▸ WORK INSTRUCTION
Repeat exactly the line with "Some of the text" and each line after it to the end of the data below; pictures stay out.

=== INPUT DATA ===

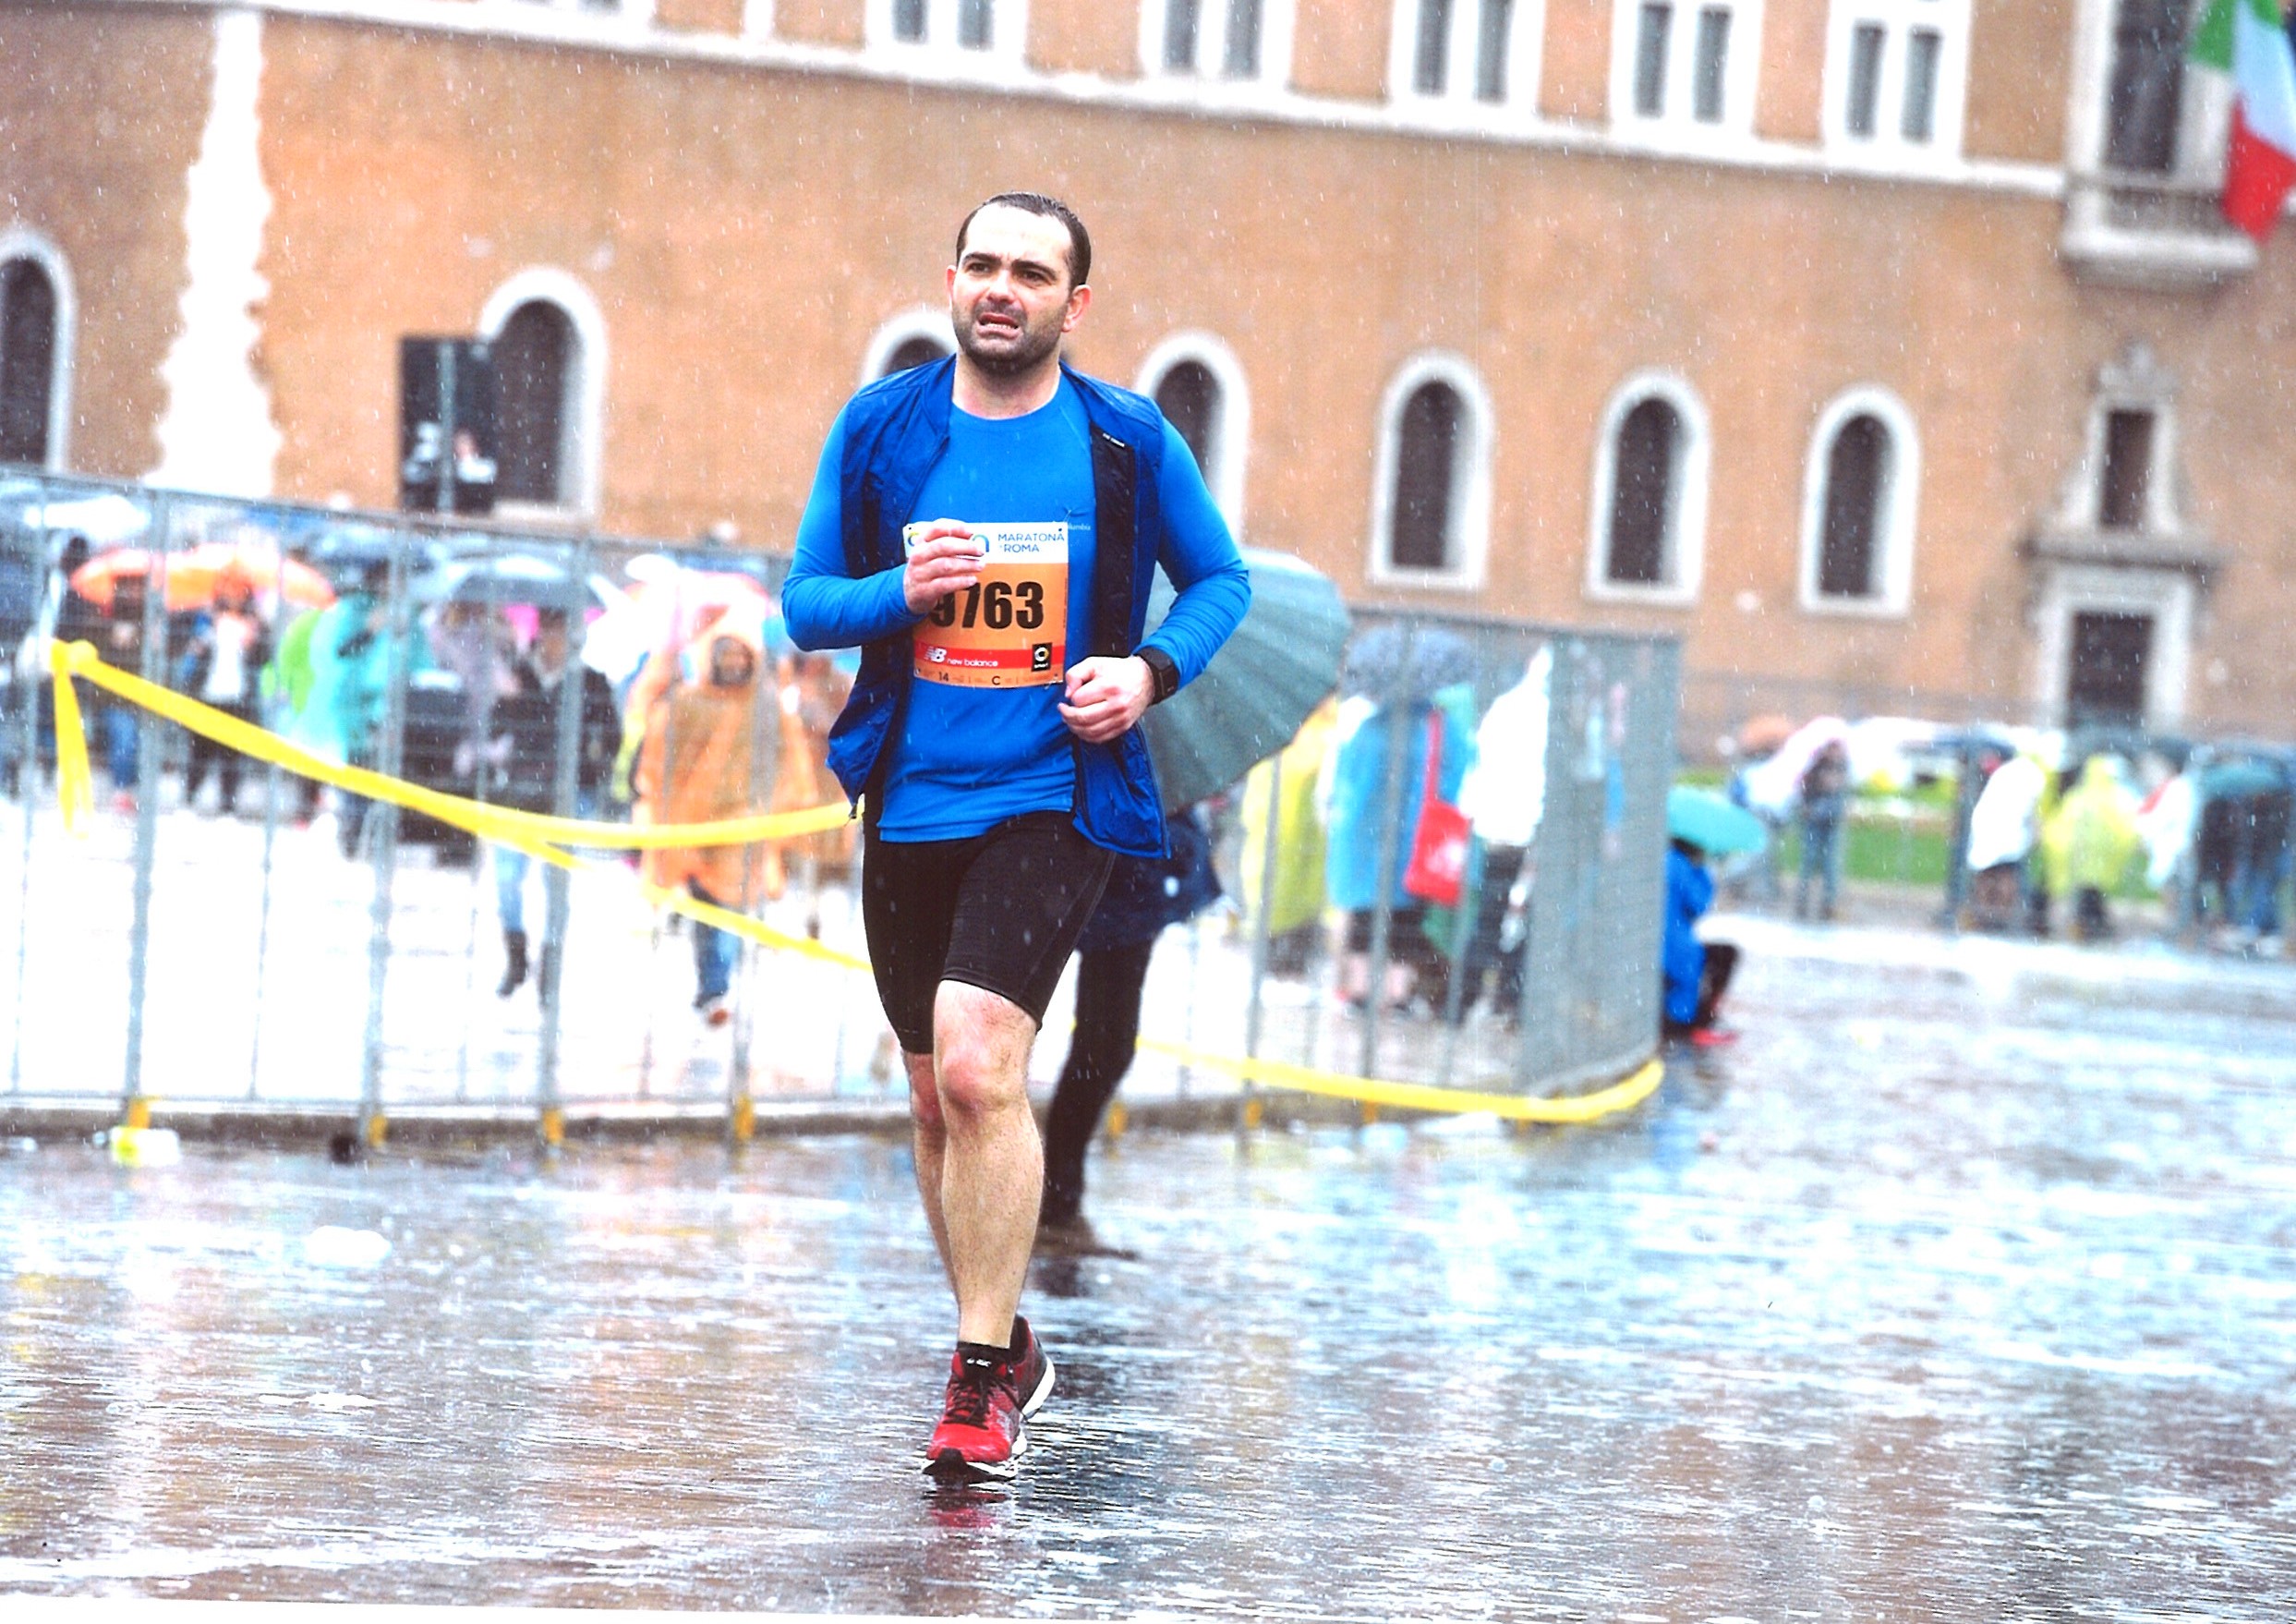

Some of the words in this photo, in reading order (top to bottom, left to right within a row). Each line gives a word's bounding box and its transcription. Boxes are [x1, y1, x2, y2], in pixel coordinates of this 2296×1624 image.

[997, 533, 1065, 542] MARATONA
[1004, 543, 1040, 553] ROMA
[963, 658, 998, 667] balance
[938, 671, 949, 682] 14
[991, 675, 1001, 685] C
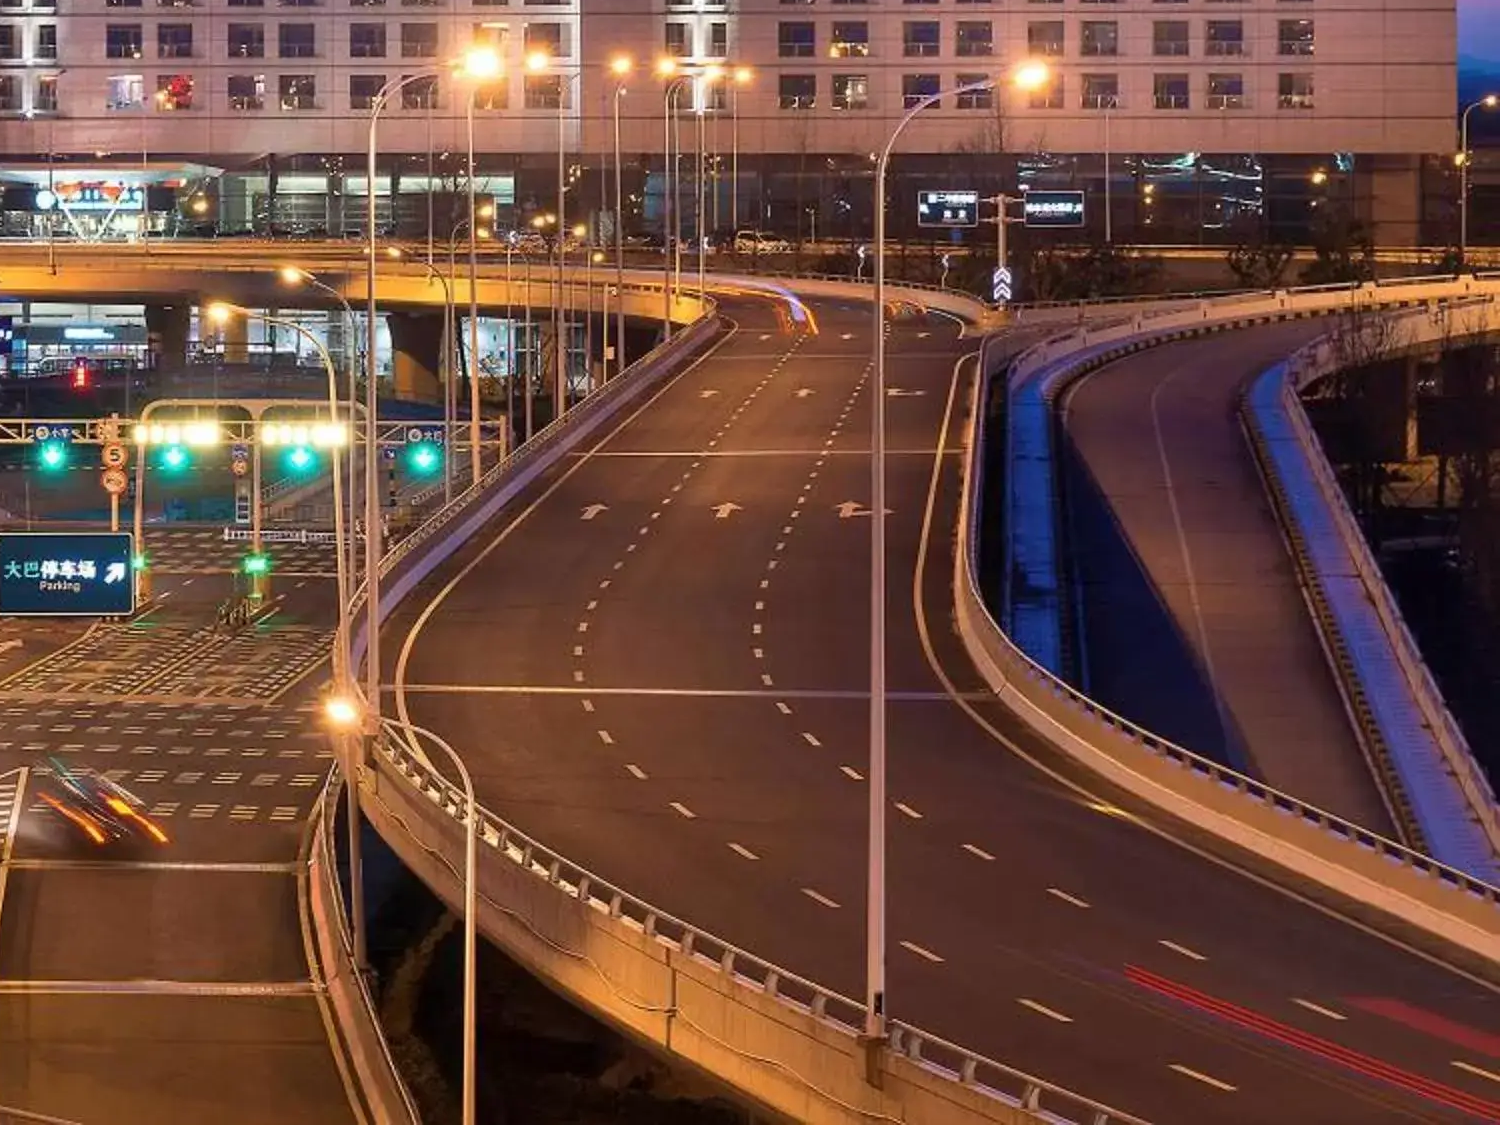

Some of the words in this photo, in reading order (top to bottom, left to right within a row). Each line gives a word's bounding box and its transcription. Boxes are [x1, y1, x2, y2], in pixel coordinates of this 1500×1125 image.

[4, 560, 97, 580] 大巴停车场
[40, 581, 80, 593] Parking
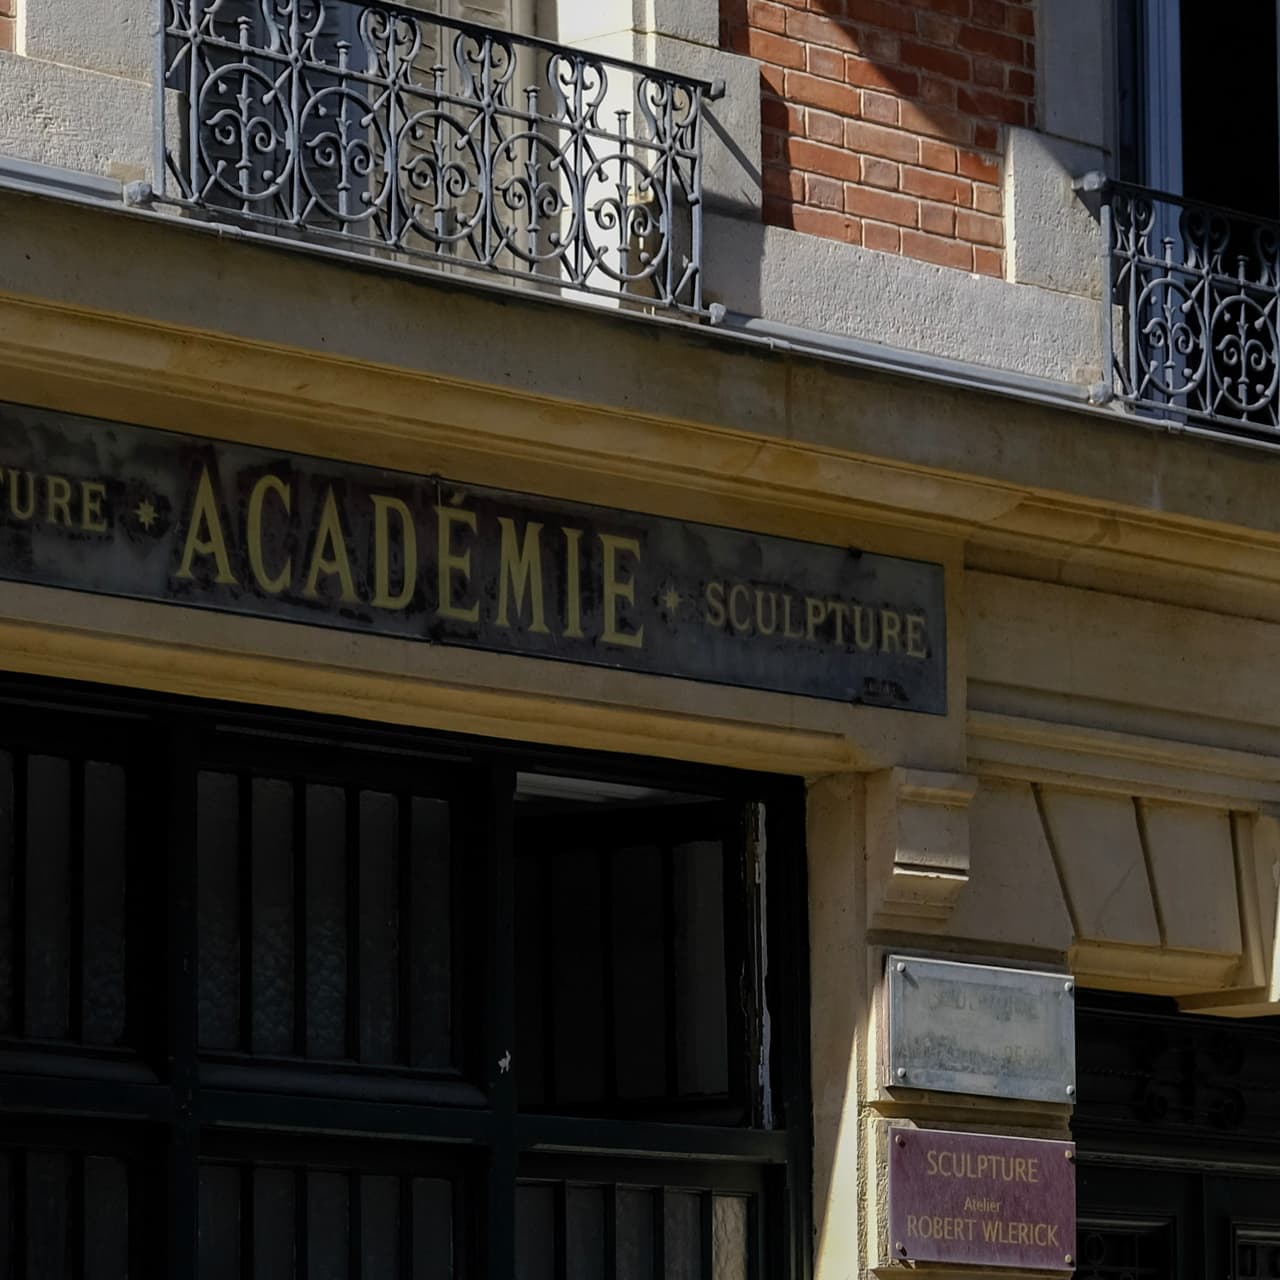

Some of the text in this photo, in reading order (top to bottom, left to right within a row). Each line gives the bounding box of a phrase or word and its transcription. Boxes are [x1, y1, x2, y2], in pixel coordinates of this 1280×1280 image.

[176, 463, 644, 649] ACADÉMIE
[705, 581, 927, 659] SCULPTURE
[926, 1150, 1040, 1183] SCULPTURE
[963, 1197, 1002, 1213] Atelier
[907, 1215, 1059, 1248] ROBERT WLERICK
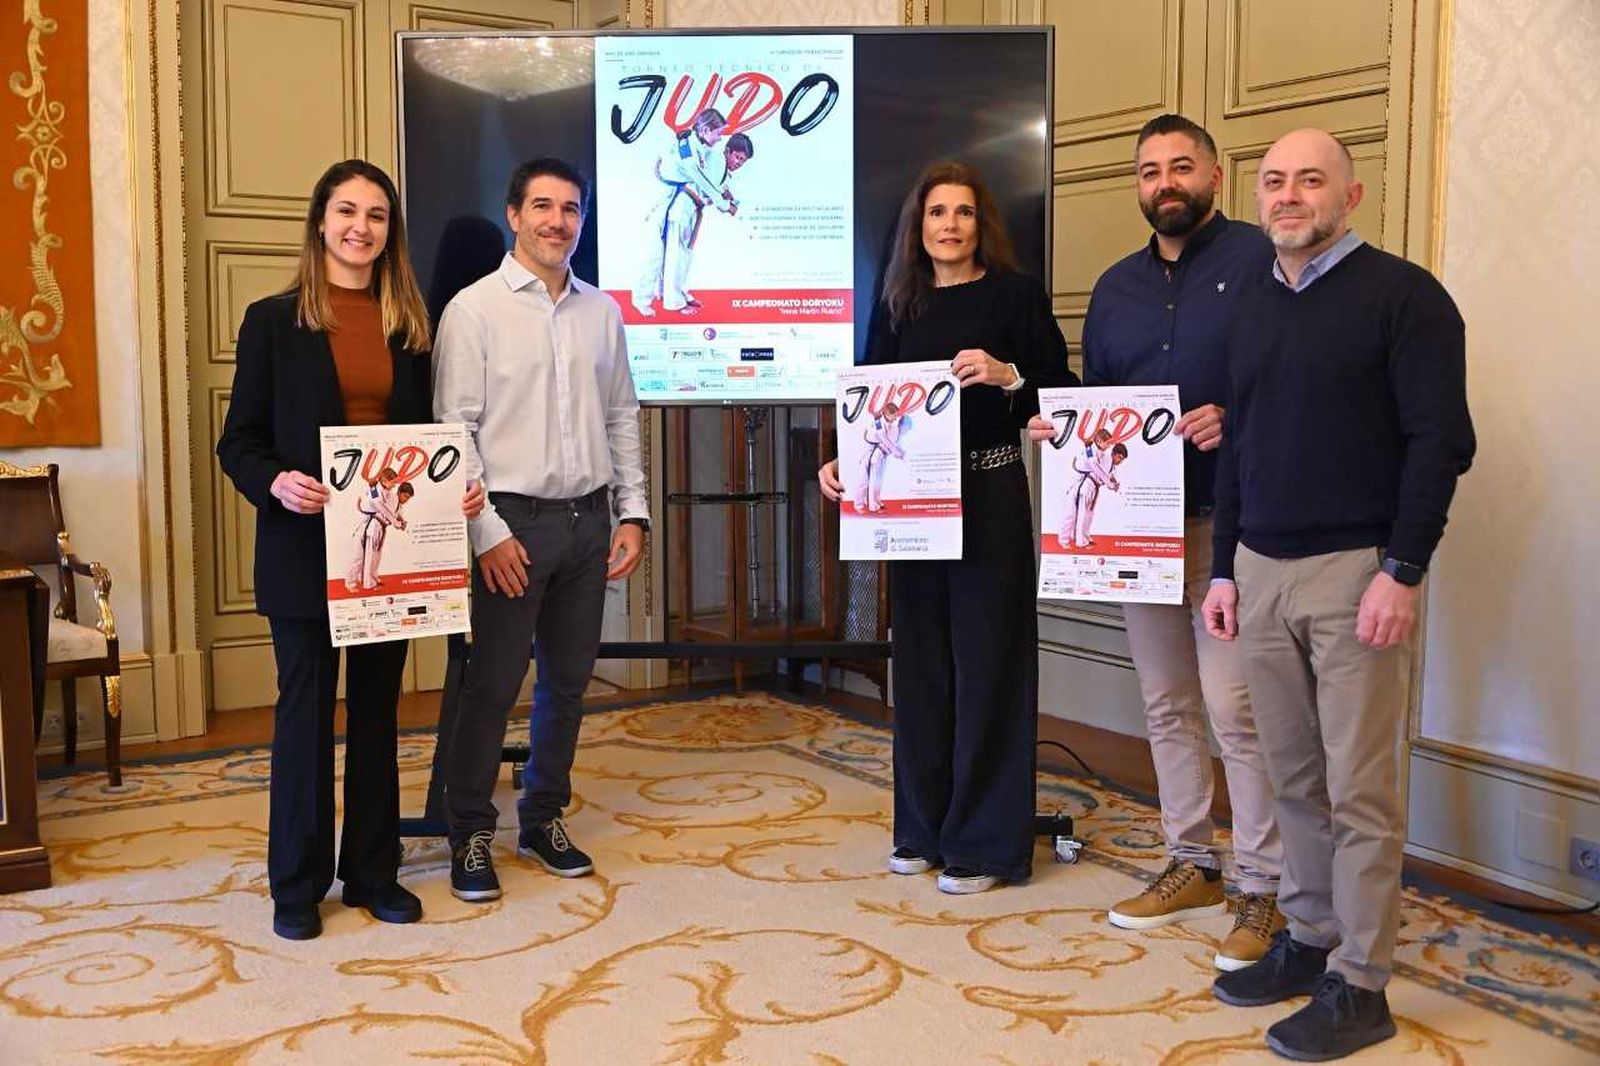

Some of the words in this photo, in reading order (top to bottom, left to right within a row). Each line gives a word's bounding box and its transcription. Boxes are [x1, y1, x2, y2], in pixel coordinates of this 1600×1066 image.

===

▸ RESULT
Some of the text in this photo, in reading order (top to bottom, left to right within a row). Each line gives the bounding box of a phrase or word and its transcription. Boxes are [x1, y1, x2, y2], in pixel coordinates of this 1280×1280 image.

[176, 463, 644, 649] ACADÉMIE
[705, 581, 927, 659] SCULPTURE
[926, 1150, 1040, 1183] SCULPTURE
[963, 1197, 1002, 1213] Atelier
[907, 1215, 1059, 1248] ROBERT WLERICK

Some of the words in this photo, in reading order (top to bottom, left to right within a row). Each line gives a word's bounding box and its transcription. Boxes are [x1, y1, x2, y2], in pixel coordinates of this 1600×1066 image.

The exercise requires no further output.